El portugués y yo, sentados frente a frente en el pequeño camarote, cada uno en una de las dos camitas perfectamente hechas, cubiertas con una manta azúl marino, sentimos que había llegado el momento de dejarnos llevar por una marea de emociones, largamente contenidas. Después de varios días de perseguirnos mutuamente, buscando la ocasión oportuna para poder hablar, después de intercambiar incontables miradas, prometedoras de mil nuevos placeres, intentando vencer la timidez y buscando el valor para dejar de ser extraños en el crucero que nos llevaba de vuelta a Barcelona, después de todo eso, al final fui yo la que se lanzó a por todas, en nuestra última noche de travesía.
La discoteca ya cerraba y queriamos encontrar un sitio donde seguir nuestra recién comenzada charla, pero todos los bancos y rincones estaban tomados por viajeros durmientes, así que acabamos en su pequeña habitación de chofer de camión, por suerte para ambos, sin compañero de viaje.
Y así, mirándonos a los ojos, tomándonos de las manos, permitimos que nuestros labios se unieran lentamente, a nuestras lenguas perseguirse, cambiando las palabras por saliva. Me arrodillé entre sus piernas, fundiéndome en un abrazo con su cuerpo caliente, dejando que mis manos atrapasen y se enredasen en los mechones de su largo cabello, mientras nos besábamos de nuevo intensamente.

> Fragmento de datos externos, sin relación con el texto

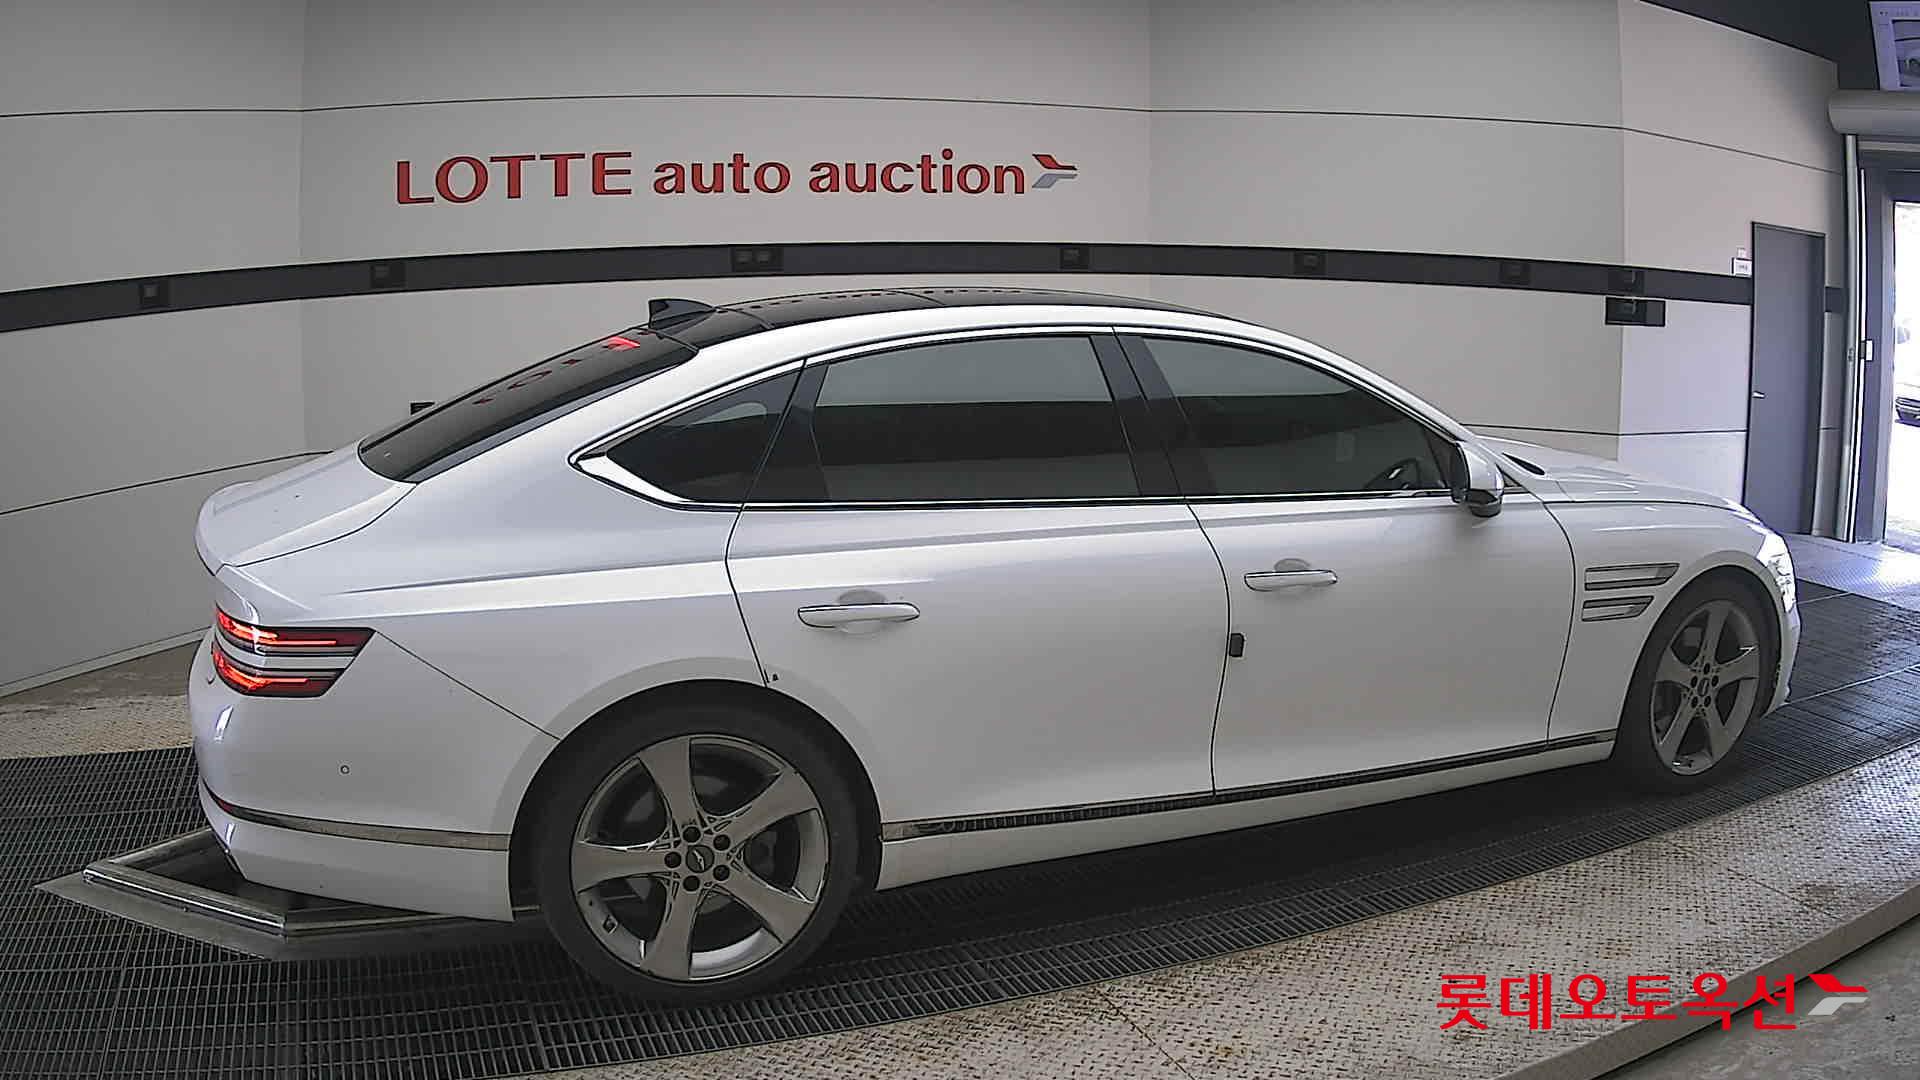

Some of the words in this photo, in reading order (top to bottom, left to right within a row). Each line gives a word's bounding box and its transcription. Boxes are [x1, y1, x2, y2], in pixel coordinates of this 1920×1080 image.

[396, 151, 632, 205] LOTTE
[653, 152, 791, 194] auto
[809, 148, 1026, 195] auction

Me deshice de mi camiseta, dejándole recorrer mis hombros y espalda con sus manos grandes y ásperas, aunque sumamente delicadas, hasta encontrar el cierre de mi sujetador y luchar infructuosamente contra él, ya que al final tuve que soltarlo yo misma. Sus labios acudieron, como llamados por el canto de una sirena, hasta la acogedora generosidad de mis pechos y mis rosados pezones, que lamió con fruición.
Sus dedos traviesos, tomando cada curva de mi piel, al final se perdieron en el interior de mi pantalón y, simplemente con la forma de acariciar mi clítoris, supe que iba a ser un gran amante.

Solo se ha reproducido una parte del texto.